▸ **Problem statement**
From the first line to the last, print the records exactly, leaving out the pictures.

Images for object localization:
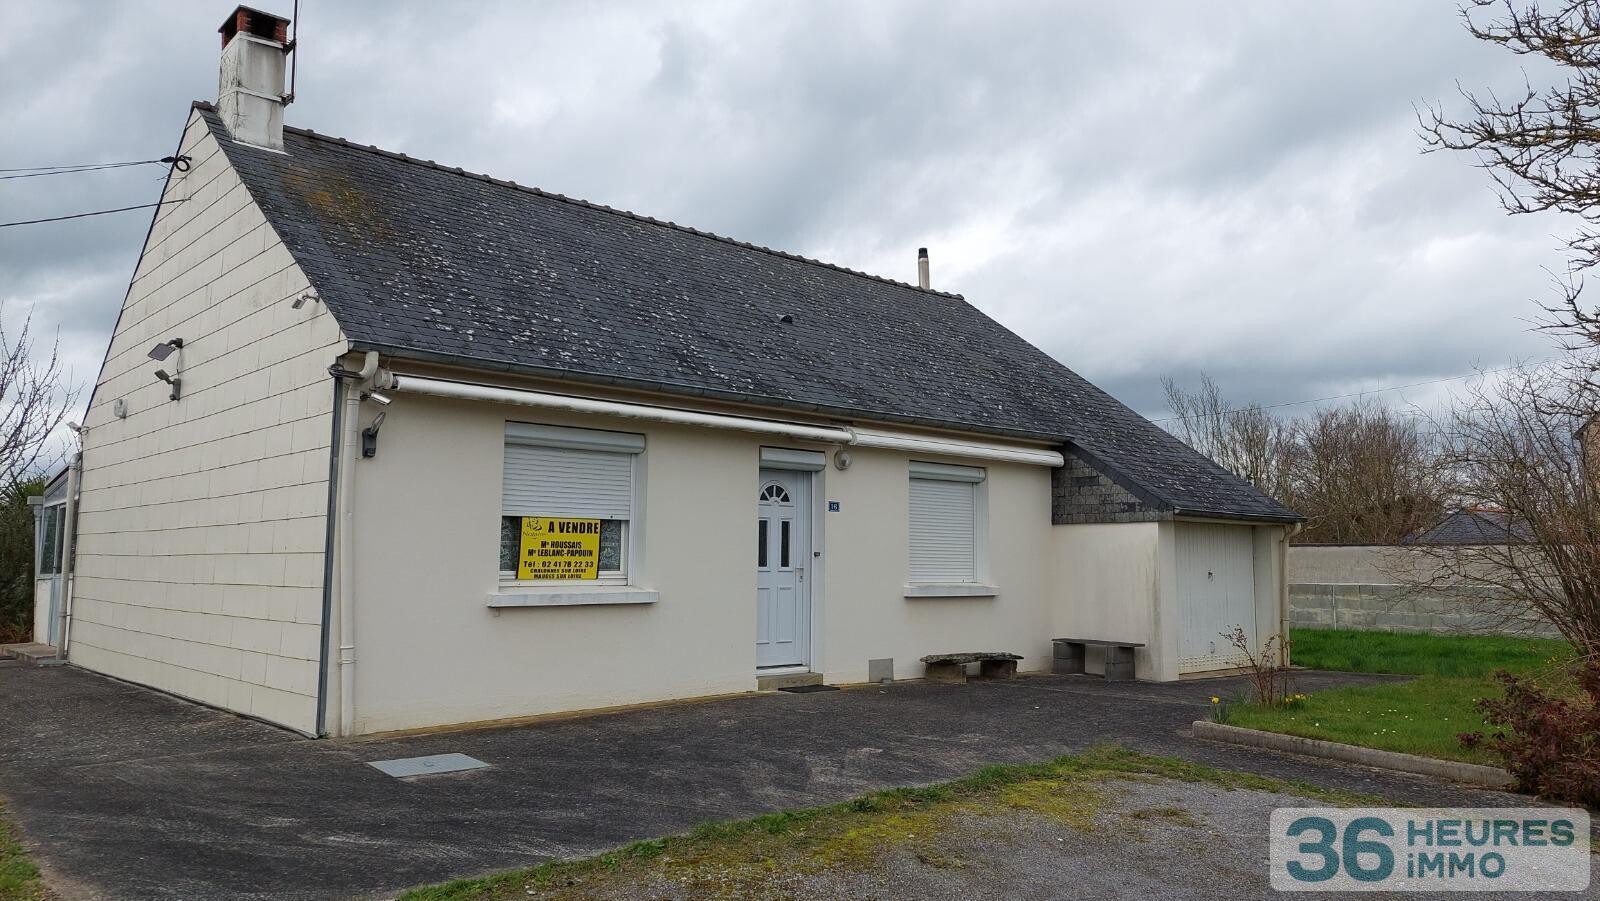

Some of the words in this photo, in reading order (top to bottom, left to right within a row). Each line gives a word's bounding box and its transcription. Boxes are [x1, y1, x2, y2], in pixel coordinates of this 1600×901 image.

[547, 520, 555, 533] A
[558, 521, 599, 534] VENDRE
[550, 541, 582, 549] HOUSSAIS
[537, 549, 593, 557] LEBLANC-PAPOUIN

▸ **Answer to the problem**
Some of the words in this photo, in reading order (top to bottom, left to right within a row). Each line gives a word's bounding box and its transcription. Boxes are [x1, y1, x2, y2], in pixel coordinates of this 1600×901 image.

[547, 520, 555, 533] A
[558, 521, 599, 534] VENDRE
[550, 541, 582, 549] HOUSSAIS
[537, 549, 593, 557] LEBLANC-PAPOUIN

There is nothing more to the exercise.